Qui ne mettiamo in evidenza uno: ovvero la tendenza a marginalizzare e ad escludere anche tramite provvedimenti politici intere fasce di popolazione in momenti di crisi, fasce ancora più a rischio se ulteriormente estromesse – nei fatti o nella percezione data dai provvedimenti presi dal tessuto sociale.
Il contesto
Si è discusso dell’escalation del conflitto israelo-palestinese, dei civili uccisi in scontri e bombardamenti. Al momento, gli aiuti umanitari a Gaza sono giunti in modo limitato e si assiste a un’atrocità senza precedenti. Migliaia di persone, tra cui moltissimi bambini, hanno perso e continuano a perdere la vita.
Nel frattempo, è arrivata la chiamata di Hamas alle armi. Venerdì, giorno santo per i musulmani – quello successivo alle stragi del 7 ottobre – Hamas ha chiesto la mobilitazione dei suoi sostenitori. Le risposte non sono arrivate dai palestinesi della Striscia, bensì dagli attentati in Europa, commessi per lo più da fondamentalisti islamici. Per gli europei, hanno risvegliato ricordi di non troppi anni fa, e il cui tempismo è sintomo di una tensione crescente dall’inizio del conflitto.
Questo ci comunica diverse cose: la prima è che i palestinesi non si identificano indiscriminatamente con Hamas e non vogliono che ciò venga fatto dall’occidente. Vogliono smentire l’equazione, ribadiamo, errata, secondo cui i due gruppi coincidono. In più ci sono i dati dei sondaggi (con riferimento a quelli conclusi il 6 ottobre 2023 da Arab Barometer), che mostrano come il sostegno ad Hamas non riguardi la maggioranza dei palestinesi, e come ci fosse in generale una larghissima sfiducia verso l’apparato politico palestinese.
Pensare di eliminare un’organizzazione terroristica bombardando la Striscia vuol dire provocare la morte di civili.
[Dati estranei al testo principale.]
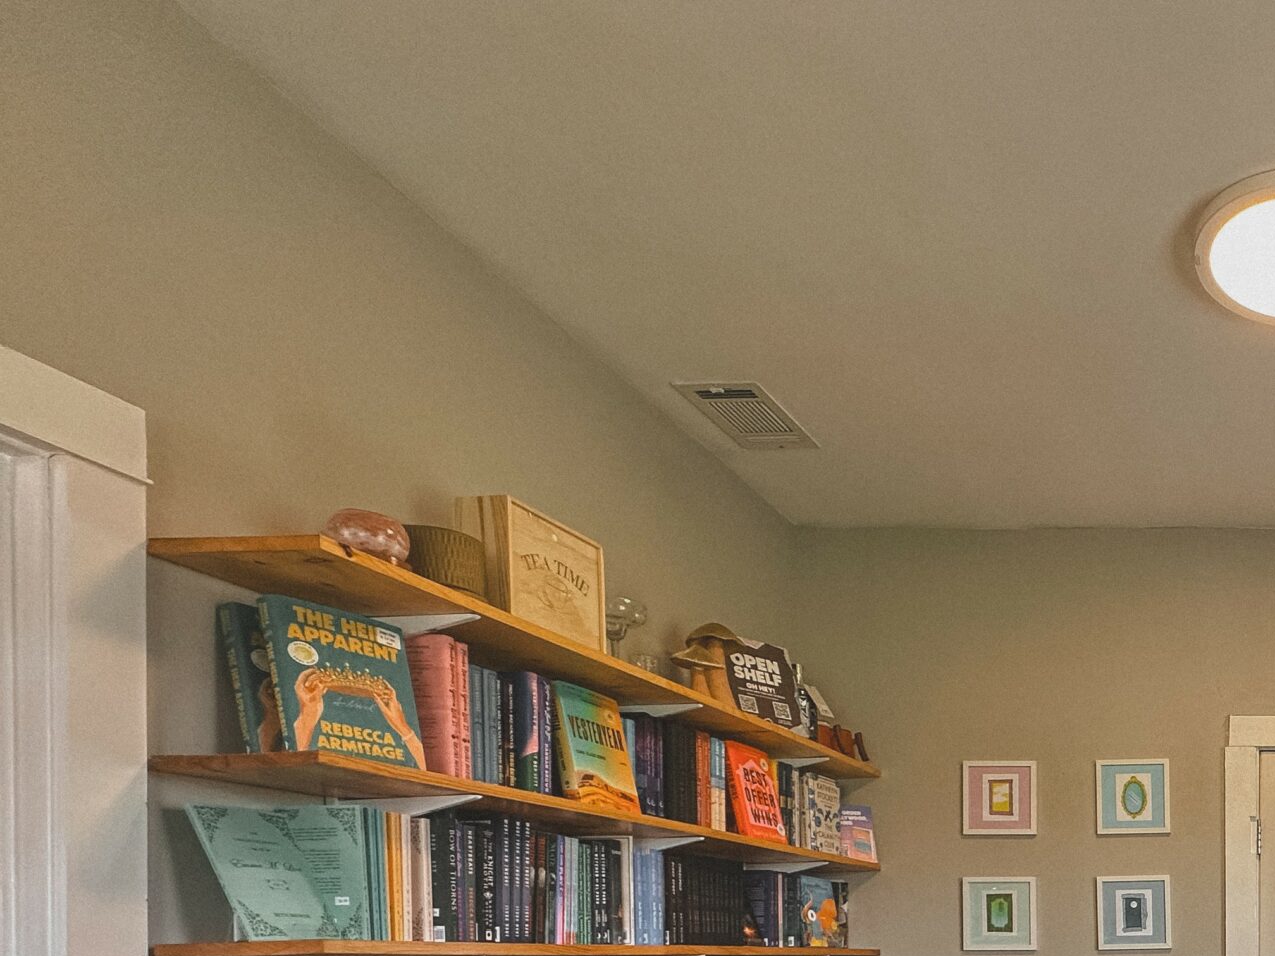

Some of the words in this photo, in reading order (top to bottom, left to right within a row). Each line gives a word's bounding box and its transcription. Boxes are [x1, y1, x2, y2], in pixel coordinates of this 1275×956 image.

[521, 553, 552, 571] TEA
[554, 559, 590, 597] TIME
[292, 605, 336, 631] THE
[340, 617, 378, 641] HEI
[287, 623, 399, 664] APPARENT
[729, 652, 780, 675] OPEN
[733, 666, 782, 687] SHELF
[759, 684, 776, 694] HEY!
[319, 719, 396, 746] REBECCA
[567, 714, 625, 752] YESTERYEAR
[317, 735, 405, 761] ARMITAGE
[743, 767, 767, 786] BEST
[744, 787, 776, 808] OFFER
[751, 809, 779, 827] WINS
Si è sentito dire più volte che uccidere la parte di Hamas che si trova a Gaza vuol dire ucciderne esponenti difficilmente di primo piano. E numerosissimi civili, tra cui si nascondono e con cui si fanno scudo. E tra i molti effetti del bombardamento c’è sicuramente un’ulteriore polarizzazione dei civili palestinesi già allo stremo, e l’accrescimento di una frustrazione diffusa. Le parti in causa potrebbero perdere un possibile dialogo con loro una volta per sempre. E il sostegno ad Hamas potrebbe accrescersi in risposta. I dati di Arab Barometer, i sondaggi realizzati in collaborazione con altre realtà – tra cui il PCPSR, diretto da Khalil Shikaki – mostrano una sistematica crescita del sostegno ad Hamas nel momento in cui c’è un forte stato di tensione, come una stretta sul blocco imposto a Gaza, o un’escalation di violenze.
La mancata sollevazione palestinese, per lo meno a Gaza, dove l’età media è 18 anni, ha anche altri motivi alla base: oltre al fatto che moltissimi sono bambini, se ti piovono addosso le bombe israeliane, o dei razzi lanciati da Hamas o Islamic Jihad prima di oltrepassare il confine della Striscia, se chi conosci sta sotto le macerie, allora protestare in quel momento non è tra le opzioni. Forse per la rabbia, diventare un estremista diventa una delle opzioni. Un’invasione di terra rende i risvolti ancora più devastanti.
La seconda è che il sostegno ad Hamas, appunto, è arrivato in maniera molto più eclatante dall’Europa. Sono stati colpiti in particolare Francia e Belgio, che in fatto di terrorismo islamico hanno una storia pesante, molto più di altri paesi europei. E a ciò si aggiunge il fatto che la Francia abbia la più grande comunità musulmana d’Europa nonché la più grande comunità ebraica del continente. Il Paese ha inoltre vietato ogni manifestazione pro-Palestina per tutelare “l’ordine pubblico”. È stato respinto anche un appello contro il divieto fatto da Palestine Action Committee, associazione filo-palestinese con sede in Francia.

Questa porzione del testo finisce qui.